The Court rejected the argument that granting Limberis’s maternity petition would have left A.R.L. with three legal parents. First, Bolt was, at most, an alleged father. Second, no other statutory presumption applied to Bolt. Third, even if Bolt claimed a presumption as the father, that presumption is rebuttable. Fourth, if Bolt had filed a petition for parentage, it would have just been a competing petition, not the possibility of three parents. Finally, Bolt never claimed paternity.
The Court also rejected the argument that there is no authority in Colorado to support substituting a second legal mother for a child’s legal father. At most, the trial court had two competing presumptions to consider.
Finally, the Court addressed the underlying implicit premise of the trial court’s ruling—that a child may not have two legal mothers under the UPA. The Court found nothing in the UPA that would prohibit a child from having two same-sex parents. Accordingly, the order denying Limberis’s maternity petition was reversed.

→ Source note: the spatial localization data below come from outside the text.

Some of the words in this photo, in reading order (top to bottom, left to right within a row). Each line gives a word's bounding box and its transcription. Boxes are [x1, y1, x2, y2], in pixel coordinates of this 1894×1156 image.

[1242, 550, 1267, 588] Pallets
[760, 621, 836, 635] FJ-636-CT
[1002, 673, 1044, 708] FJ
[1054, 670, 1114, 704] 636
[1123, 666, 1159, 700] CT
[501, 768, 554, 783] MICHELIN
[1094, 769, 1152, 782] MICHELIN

On remand, the trial court must determine whether Limberis is A.R.L.’s presumptive mother under the UPA’s holding-out provision.

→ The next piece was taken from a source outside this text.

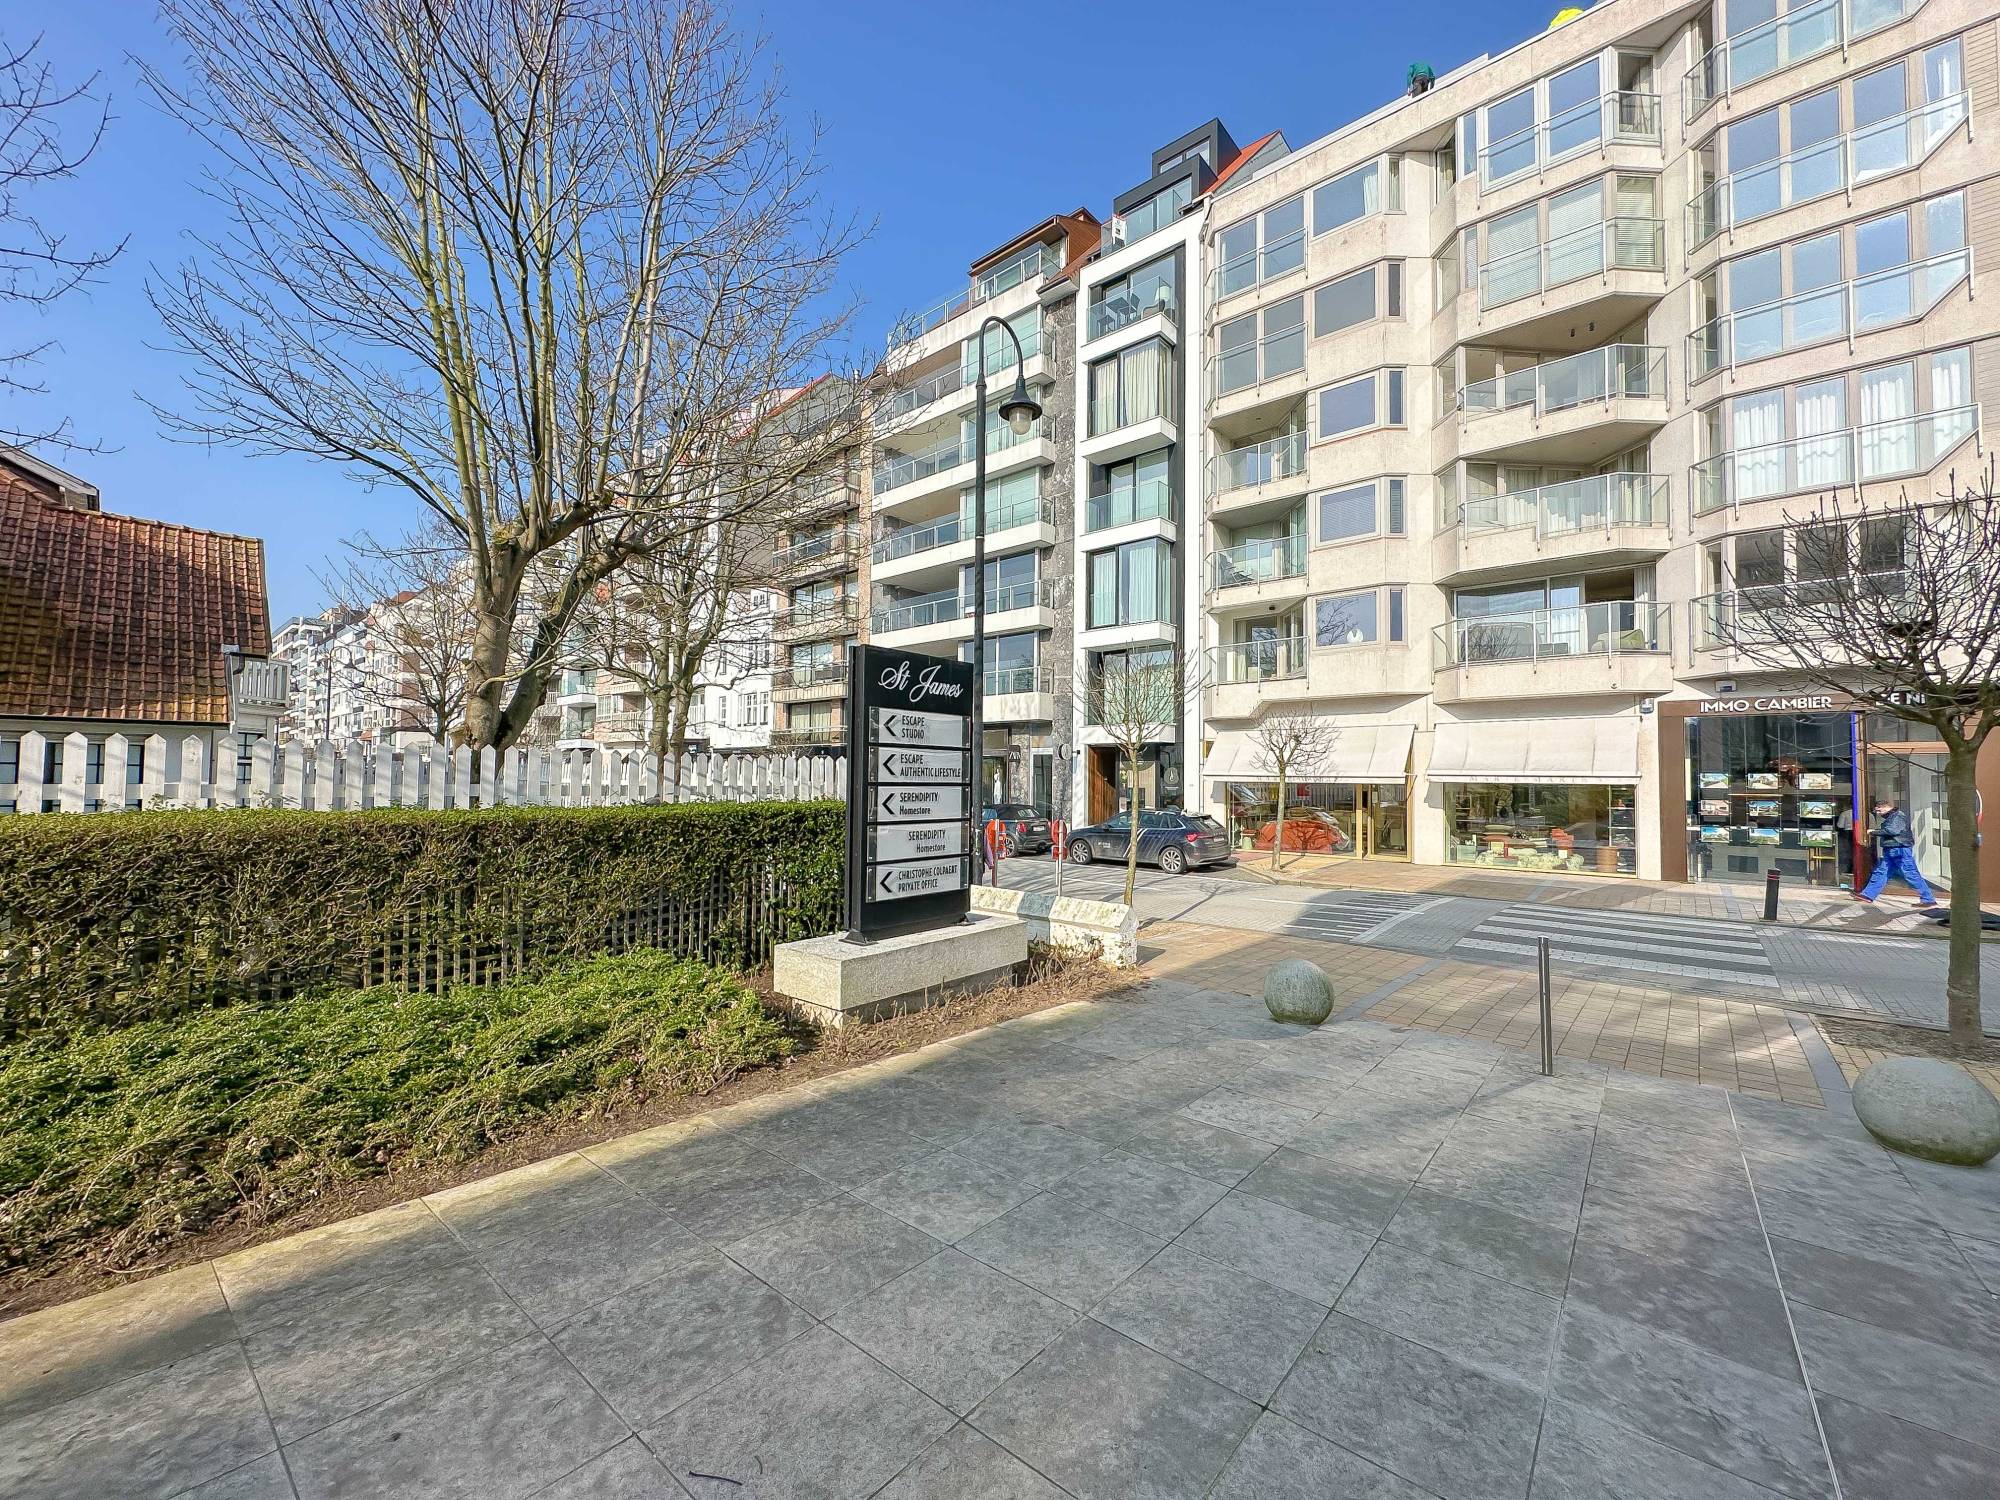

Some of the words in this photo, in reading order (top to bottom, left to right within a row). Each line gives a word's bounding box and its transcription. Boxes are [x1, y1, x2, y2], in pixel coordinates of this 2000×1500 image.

2013 COA 171. No. 13CA0847. People in the Interest of J.G.C., and Concerning J.C.H.
Dependency and Neglect—Subject Matter Jurisdiction for Paternity Determination.
The Logan County Department of Social Services (LCDSS) filed a petition in dependency and neglect and a motion seeking temporary custody of a child who had been born eight days earlier. LCDSS identified J.C.H. as the child’s father because his name was on the birth certificate, but alleged that he might not be the biological father. Paternity tests were ordered, and results showed that J.C.H. was not the biological father. LCDSS then filed a motion to dismiss J.C.H. from the petition, which the trial court granted.

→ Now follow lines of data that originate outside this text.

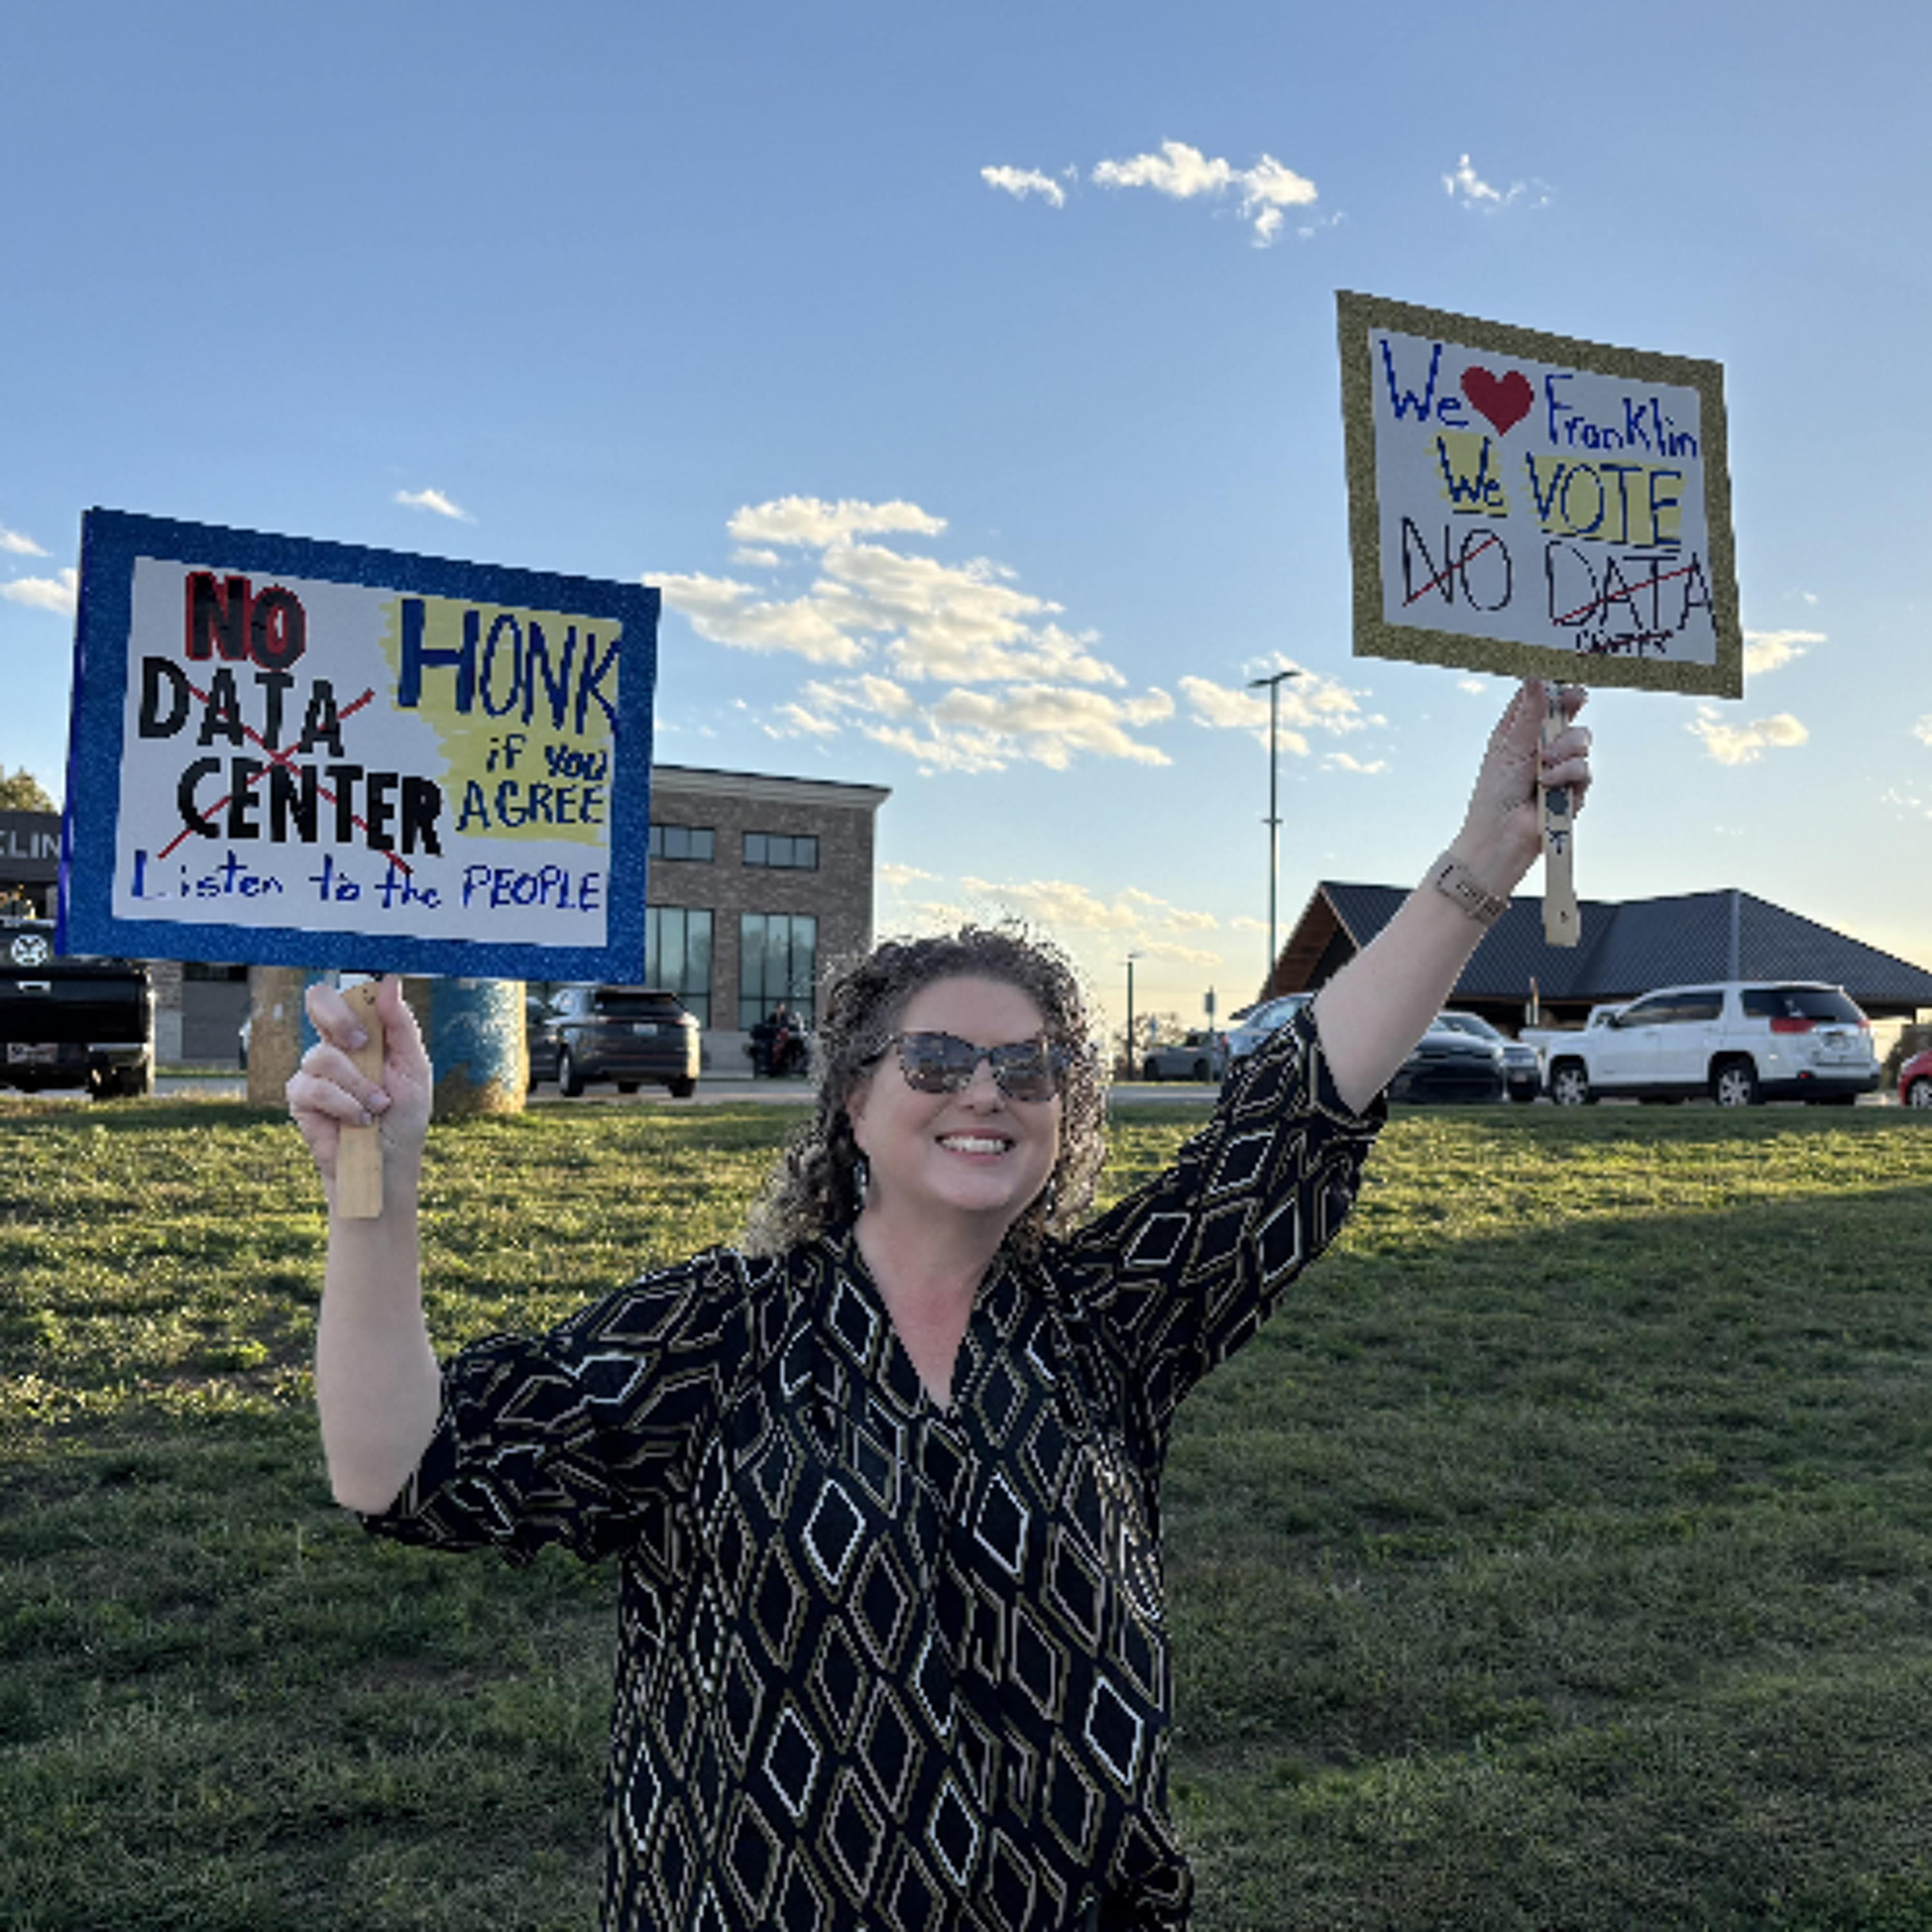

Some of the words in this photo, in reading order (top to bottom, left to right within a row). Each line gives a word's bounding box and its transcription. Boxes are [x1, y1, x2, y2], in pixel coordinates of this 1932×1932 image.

[1379, 339, 1470, 428] We
[1436, 435, 1504, 507] We
[1525, 451, 1682, 545] VOTE
[185, 571, 306, 671] NO
[1401, 516, 1512, 611] NO
[1545, 541, 1720, 637] DATA
[138, 656, 345, 758] DATA
[397, 598, 621, 739] HONK
[176, 757, 444, 857] CENTER
[455, 780, 603, 831] AGREE
[131, 849, 283, 900] Listen
[309, 854, 361, 902] to
[375, 862, 442, 909] the
[462, 865, 600, 911] PEOPLE

On its own motion, the Court of Appeals considered whether the district court had subject matter jurisdiction to make a paternity determination, and ruled that it did not. Colorado’s Uniform Parentage Act (UPA) vests exclusive original jurisdiction in parentage proceedings in the juvenile court. However, a paternity proceeding “may be joined with an action in another court of competent jurisdiction for dissolution of marriage, legal separation, declaration of invalidity of marriage, or support.” When a paternity action arises in a non-paternity proceeding, as here, the court must follow the procedures outlined in the UPA.
The UPA provides that before paternity can be determined, each man presumed to be the father and each man alleged to be the natural father must be made a party to the action, or be given notice and an opportunity to be heard. Here, an alleged father had been identified by mother and therefore his joinder was required. Because the record did not show that he was given legal notice that a paternity determination was being sought and he was made a party to the proceeding only after J.C.H.’s dismissal, the Court concluded that the district court lacked subject matter jurisdiction to decide the issue of paternity. The order dismissing J.C.H. from the petition therefore was void. The dismissal order was vacated and the case was remanded.
In anticipation of an issue that might be raised on remand, the Court addressed J.C.H.’s contention that the trial court erred in dismissing him based on the genetic test results. Under the UPA, a presumption of fatherhood may arise from several sets of circumstances. Here, the claim was based on J.C.H.’s acknowledgment of paternity on the birth certificate. His acknowledgment that he was not the biological father did not rebut this presumption, and there was no such evidence at the time he was dismissed from the case.